HRSA-ILA Fund filed the class action against Adidas in April 2023, arguing the company violated the Securities Exchange Act’s anti-fraud provision by failing to disclose Ye’s problematic behavior within the company to investors.

Adidas severed ties with Ye and his Yeezy brand in October 2022 after the rapper made a series of antisemitic and racist remarks in public and on social media, leading to a plunge in the company’s profit earnings.

Central to the shareholders’ argument is the accusation that Adidas’ business risk disclosure implies that the company had not encountered the risk yet, though the plaintiffs say Adidas was already aware of the rapper’s controversial remarks.

Shareholder attorney Daniel Tyre-Karp of the Rosen Law Firm argued to U.S. District Judge Karin Immergut Thursday that Adidas should have either disclosed the risk had occurred or omitted mentioning the risk entirely.

He said the disclosure misled investors into believing the chance for that specific risk was hypothetical.

“They cannot say that a risk could impact a company when that risk has already taken place,” Tyre-Karp said.

Included in the company’s business risk disclosure was a section warning that “unethical business practices on the part of business partners or improper behavior of individual athletes, influencers or partners in the entertainment industry could have a negative spill-over effect on the company’s reputation, lead to higher costs or liabilities or even disrupt business activities.”

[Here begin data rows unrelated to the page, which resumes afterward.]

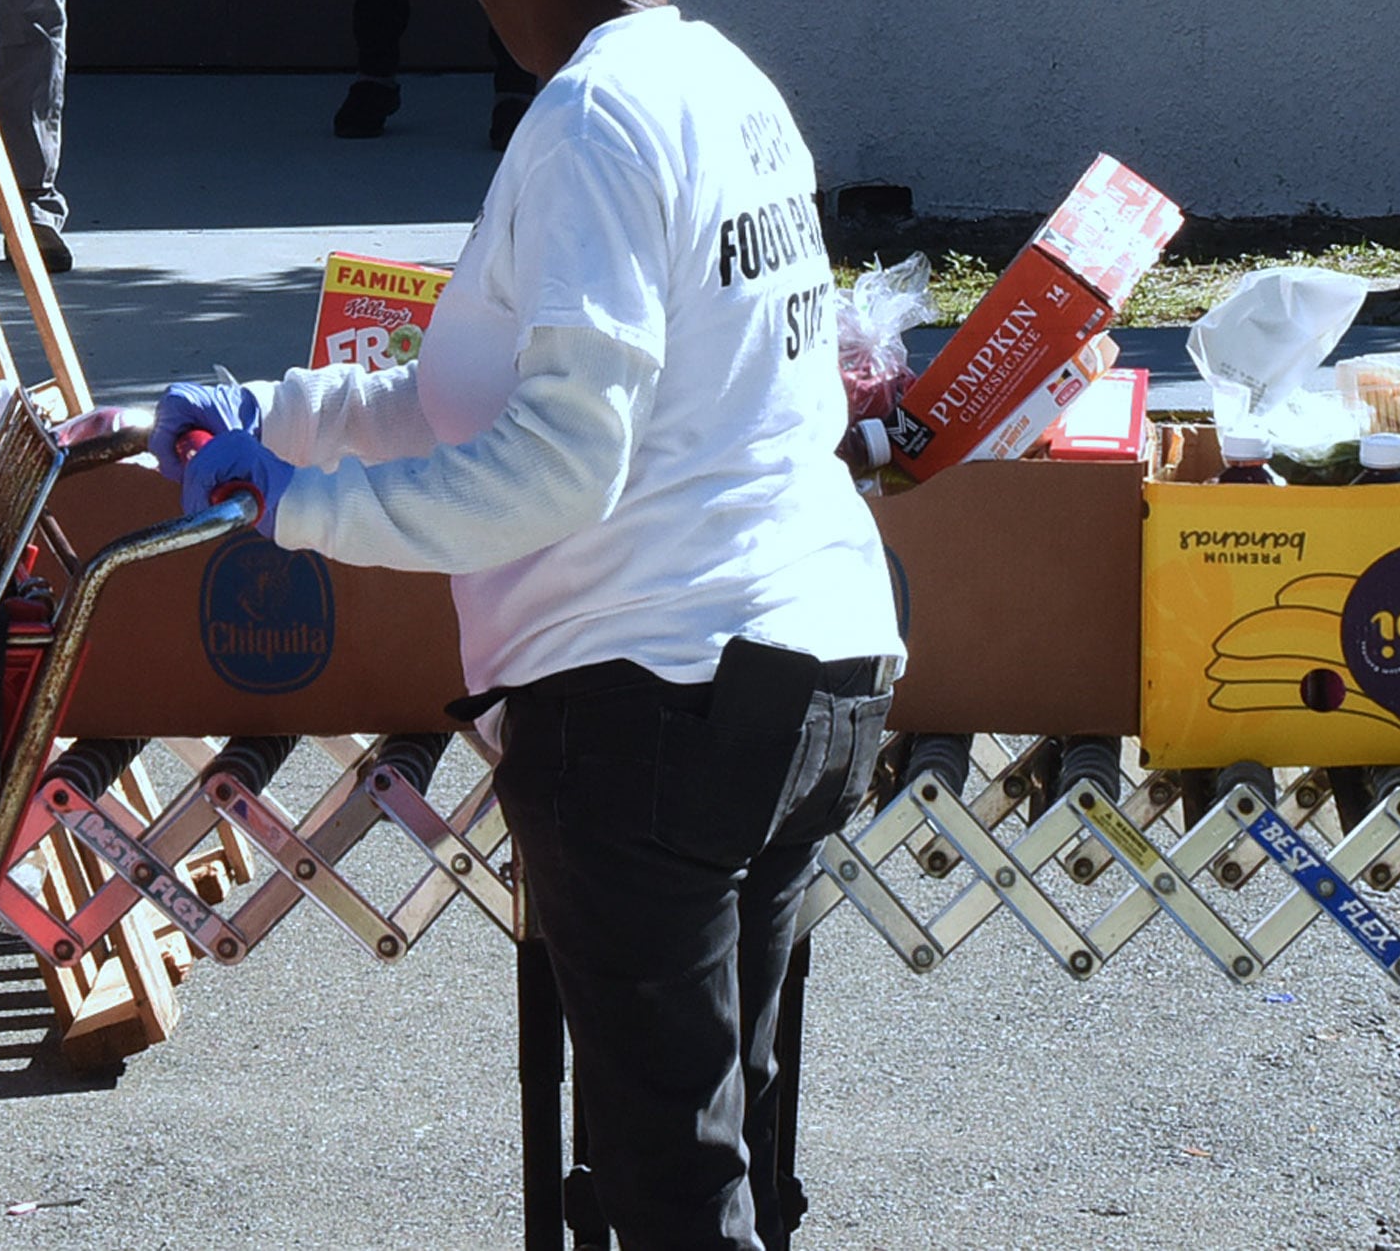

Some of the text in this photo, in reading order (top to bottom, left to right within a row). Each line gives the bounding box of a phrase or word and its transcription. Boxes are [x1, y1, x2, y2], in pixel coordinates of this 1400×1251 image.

[719, 202, 797, 287] FOOD
[337, 266, 426, 296] FAMILY
[1045, 283, 1066, 304] 14
[344, 296, 412, 327] Kellogg's
[326, 323, 425, 374] FRO
[928, 299, 1038, 427] PUMPKIN
[958, 328, 1042, 425] CHEESECAKE
[1179, 530, 1306, 561] bananas
[1203, 552, 1282, 565] PREMIUM
[208, 621, 328, 664] Chiquita
[1258, 817, 1400, 950] BEST FLEX

The shareholders maintain that the company had known for years that Ye had a propensity for antisemitic remarks and misled investors about the risk the celebrity partnership posed to the company.

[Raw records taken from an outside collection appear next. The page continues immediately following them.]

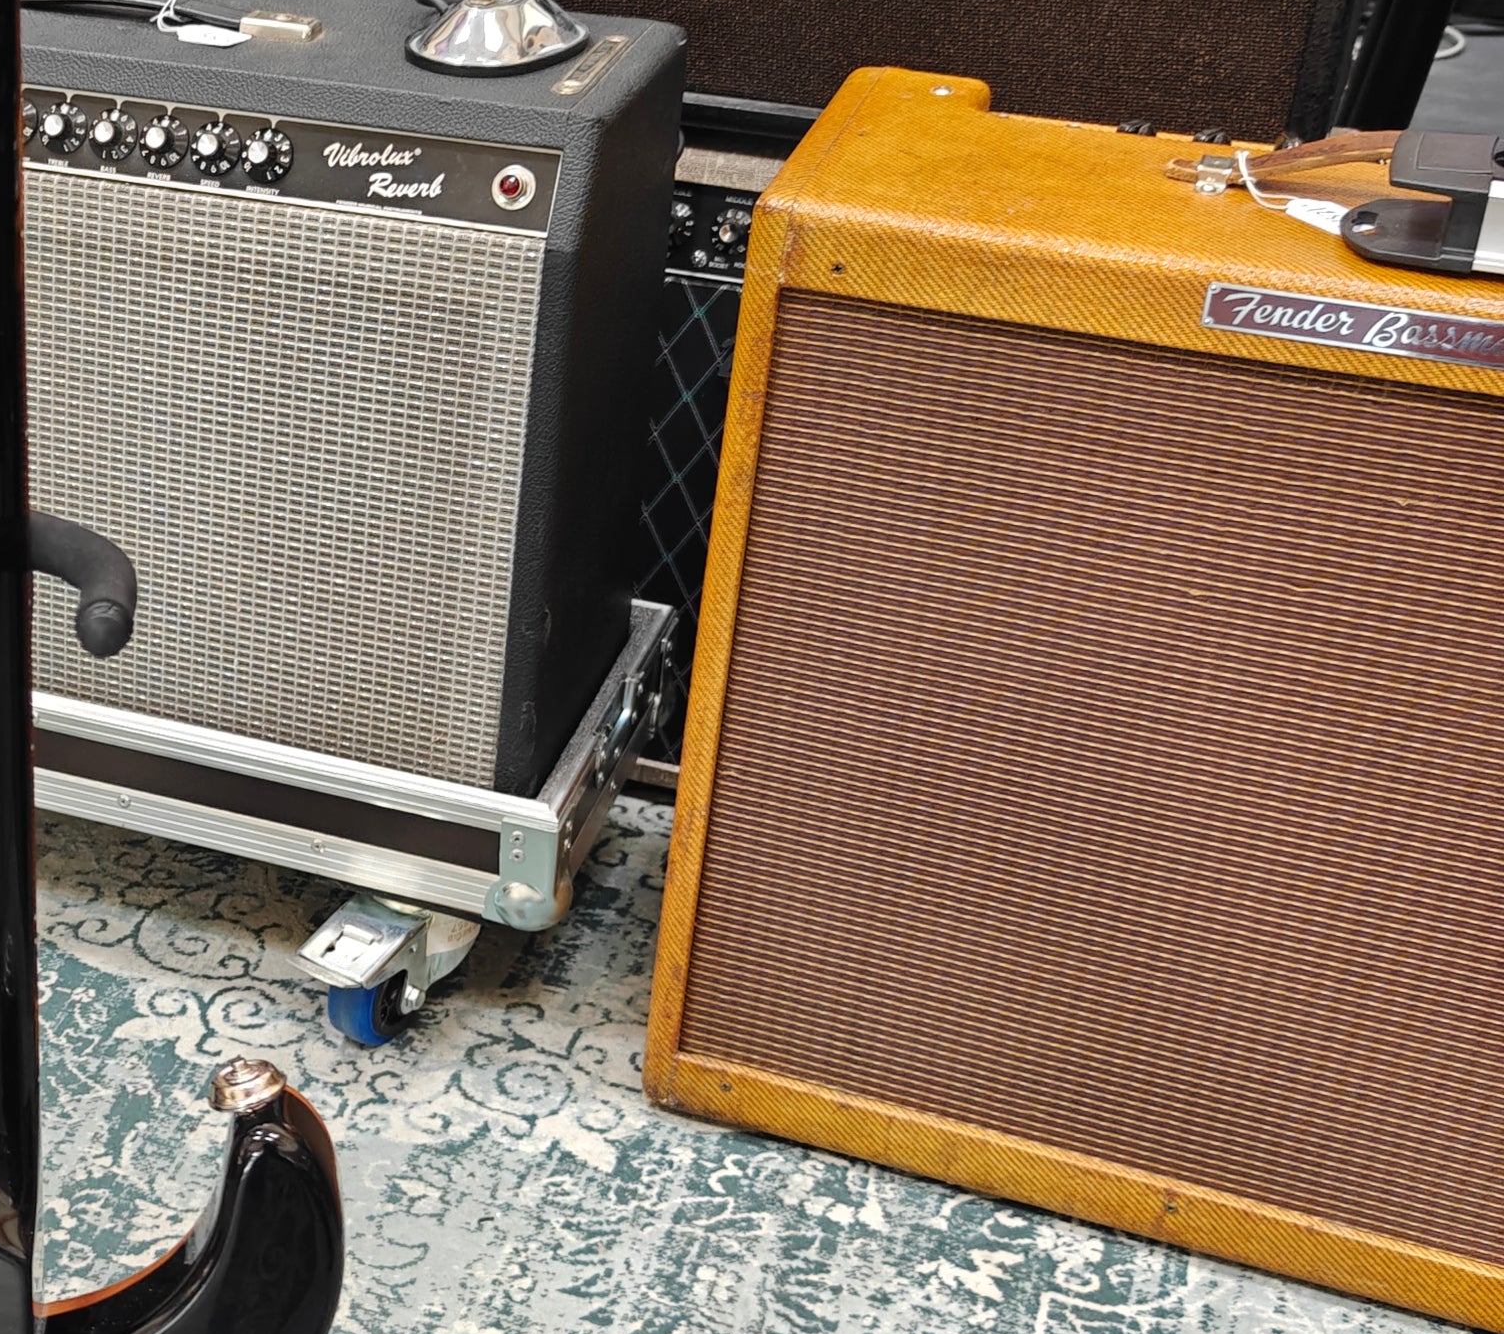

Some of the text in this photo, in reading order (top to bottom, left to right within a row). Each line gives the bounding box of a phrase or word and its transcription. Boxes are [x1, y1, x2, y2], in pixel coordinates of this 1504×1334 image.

[100, 165, 116, 174] BASS
[147, 171, 171, 181] REVERB
[200, 179, 220, 188] SPEED
[367, 172, 446, 198] Reverb
[1223, 293, 1354, 335] Fender

Attorneys for the plaintiffs pointed to an article from the Wall Street Journal in November 2022 that detailed Adidas executives’ discussions about the risk of their staff’s exposure to Ye, including that the rapper showed pornographic videos to executives and that his behavior had been a topic of discussion among senior leaders for years. He argued that Ye’s misconduct surfacing to public awareness and the company experiencing backlash was inevitable.

“When the truth came out, the stock price went down,” Tyre-Karp said.

Immergut, a Donald Trump appointee, questioned whether the drop in Adidas’ share prices was due to Ye’s public statements or the revelation that Adidas was likely to terminate its relationship with Ye. She also questioned whether the company could have reasonably predicted his public statements.

“Do you agree that people can change?” Immergut asked the plaintiffs.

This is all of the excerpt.